◆ Task item: Retype the entries exactly, but skip the pictures.

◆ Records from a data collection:
■ ■ ■ ■ ■

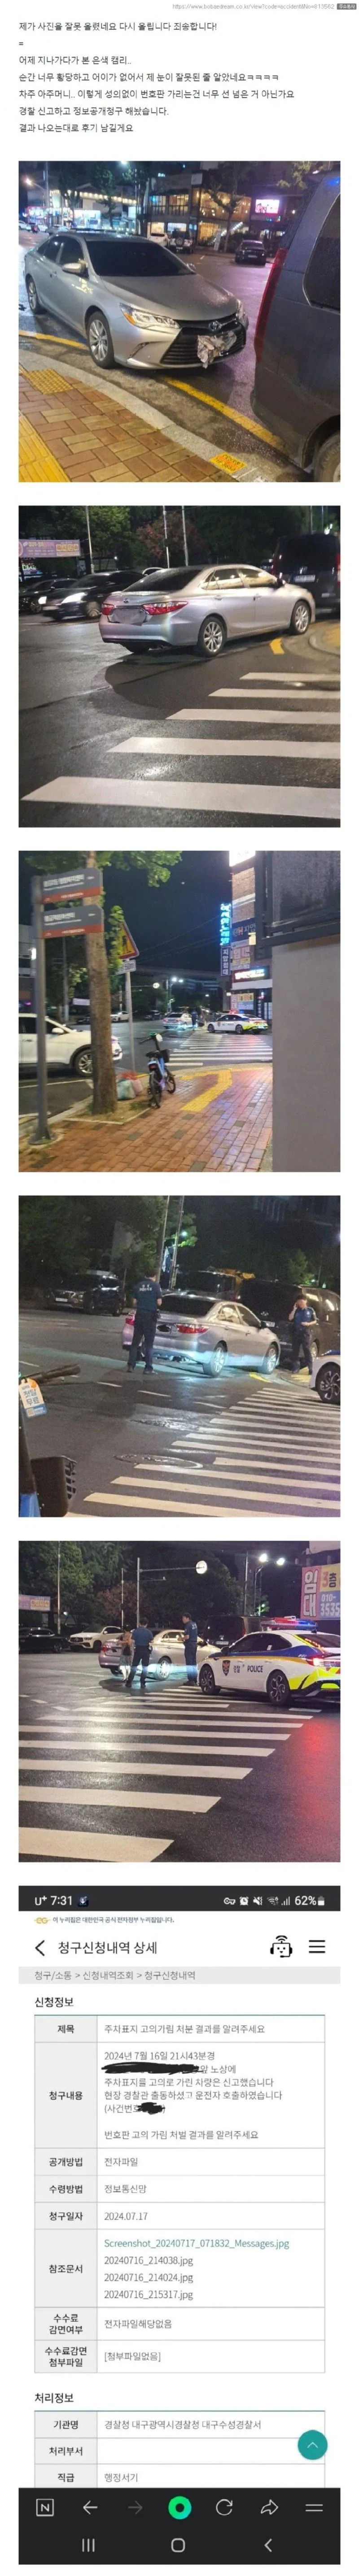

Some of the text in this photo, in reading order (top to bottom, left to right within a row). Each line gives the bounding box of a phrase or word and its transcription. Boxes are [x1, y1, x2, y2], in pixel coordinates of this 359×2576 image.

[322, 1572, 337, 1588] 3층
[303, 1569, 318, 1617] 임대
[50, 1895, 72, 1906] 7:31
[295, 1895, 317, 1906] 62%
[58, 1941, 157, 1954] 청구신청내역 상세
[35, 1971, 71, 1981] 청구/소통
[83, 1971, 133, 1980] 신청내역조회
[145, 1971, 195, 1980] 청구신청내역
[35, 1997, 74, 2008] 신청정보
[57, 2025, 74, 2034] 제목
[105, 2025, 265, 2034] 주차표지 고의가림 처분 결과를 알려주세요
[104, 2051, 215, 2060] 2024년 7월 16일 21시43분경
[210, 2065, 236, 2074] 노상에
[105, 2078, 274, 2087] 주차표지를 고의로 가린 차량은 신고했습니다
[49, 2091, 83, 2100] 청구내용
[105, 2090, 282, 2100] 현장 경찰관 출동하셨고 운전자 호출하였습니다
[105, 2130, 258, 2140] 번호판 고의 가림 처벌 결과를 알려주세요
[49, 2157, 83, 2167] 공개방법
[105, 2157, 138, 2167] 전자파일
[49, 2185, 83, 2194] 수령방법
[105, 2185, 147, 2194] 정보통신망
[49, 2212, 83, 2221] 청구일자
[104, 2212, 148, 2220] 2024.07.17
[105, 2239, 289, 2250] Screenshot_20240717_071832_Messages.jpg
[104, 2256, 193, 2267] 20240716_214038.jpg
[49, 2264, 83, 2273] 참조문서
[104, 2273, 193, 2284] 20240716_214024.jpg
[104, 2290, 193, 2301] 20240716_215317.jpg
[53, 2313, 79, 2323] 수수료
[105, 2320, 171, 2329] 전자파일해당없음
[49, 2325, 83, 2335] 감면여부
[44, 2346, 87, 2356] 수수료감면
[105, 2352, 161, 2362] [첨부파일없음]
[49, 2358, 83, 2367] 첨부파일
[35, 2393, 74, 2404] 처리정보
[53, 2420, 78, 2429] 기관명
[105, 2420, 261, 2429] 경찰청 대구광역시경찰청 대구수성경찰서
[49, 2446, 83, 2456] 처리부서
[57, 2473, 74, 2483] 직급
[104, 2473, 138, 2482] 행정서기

■ ■ ■ ■ ■

◆ Result below:
Some of the text in this photo, in reading order (top to bottom, left to right within a row). Each line gives the bounding box of a phrase or word and its transcription. Boxes are [x1, y1, x2, y2], in pixel coordinates of this 359×2576 image.

[322, 1572, 337, 1588] 3층
[303, 1569, 318, 1617] 임대
[50, 1895, 72, 1906] 7:31
[295, 1895, 317, 1906] 62%
[58, 1941, 157, 1954] 청구신청내역 상세
[35, 1971, 71, 1981] 청구/소통
[83, 1971, 133, 1980] 신청내역조회
[145, 1971, 195, 1980] 청구신청내역
[35, 1997, 74, 2008] 신청정보
[57, 2025, 74, 2034] 제목
[105, 2025, 265, 2034] 주차표지 고의가림 처분 결과를 알려주세요
[104, 2051, 215, 2060] 2024년 7월 16일 21시43분경
[210, 2065, 236, 2074] 노상에
[105, 2078, 274, 2087] 주차표지를 고의로 가린 차량은 신고했습니다
[49, 2091, 83, 2100] 청구내용
[105, 2090, 282, 2100] 현장 경찰관 출동하셨고 운전자 호출하였습니다
[105, 2130, 258, 2140] 번호판 고의 가림 처벌 결과를 알려주세요
[49, 2157, 83, 2167] 공개방법
[105, 2157, 138, 2167] 전자파일
[49, 2185, 83, 2194] 수령방법
[105, 2185, 147, 2194] 정보통신망
[49, 2212, 83, 2221] 청구일자
[104, 2212, 148, 2220] 2024.07.17
[105, 2239, 289, 2250] Screenshot_20240717_071832_Messages.jpg
[104, 2256, 193, 2267] 20240716_214038.jpg
[49, 2264, 83, 2273] 참조문서
[104, 2273, 193, 2284] 20240716_214024.jpg
[104, 2290, 193, 2301] 20240716_215317.jpg
[53, 2313, 79, 2323] 수수료
[105, 2320, 171, 2329] 전자파일해당없음
[49, 2325, 83, 2335] 감면여부
[44, 2346, 87, 2356] 수수료감면
[105, 2352, 161, 2362] [첨부파일없음]
[49, 2358, 83, 2367] 첨부파일
[35, 2393, 74, 2404] 처리정보
[53, 2420, 78, 2429] 기관명
[105, 2420, 261, 2429] 경찰청 대구광역시경찰청 대구수성경찰서
[49, 2446, 83, 2456] 처리부서
[57, 2473, 74, 2483] 직급
[104, 2473, 138, 2482] 행정서기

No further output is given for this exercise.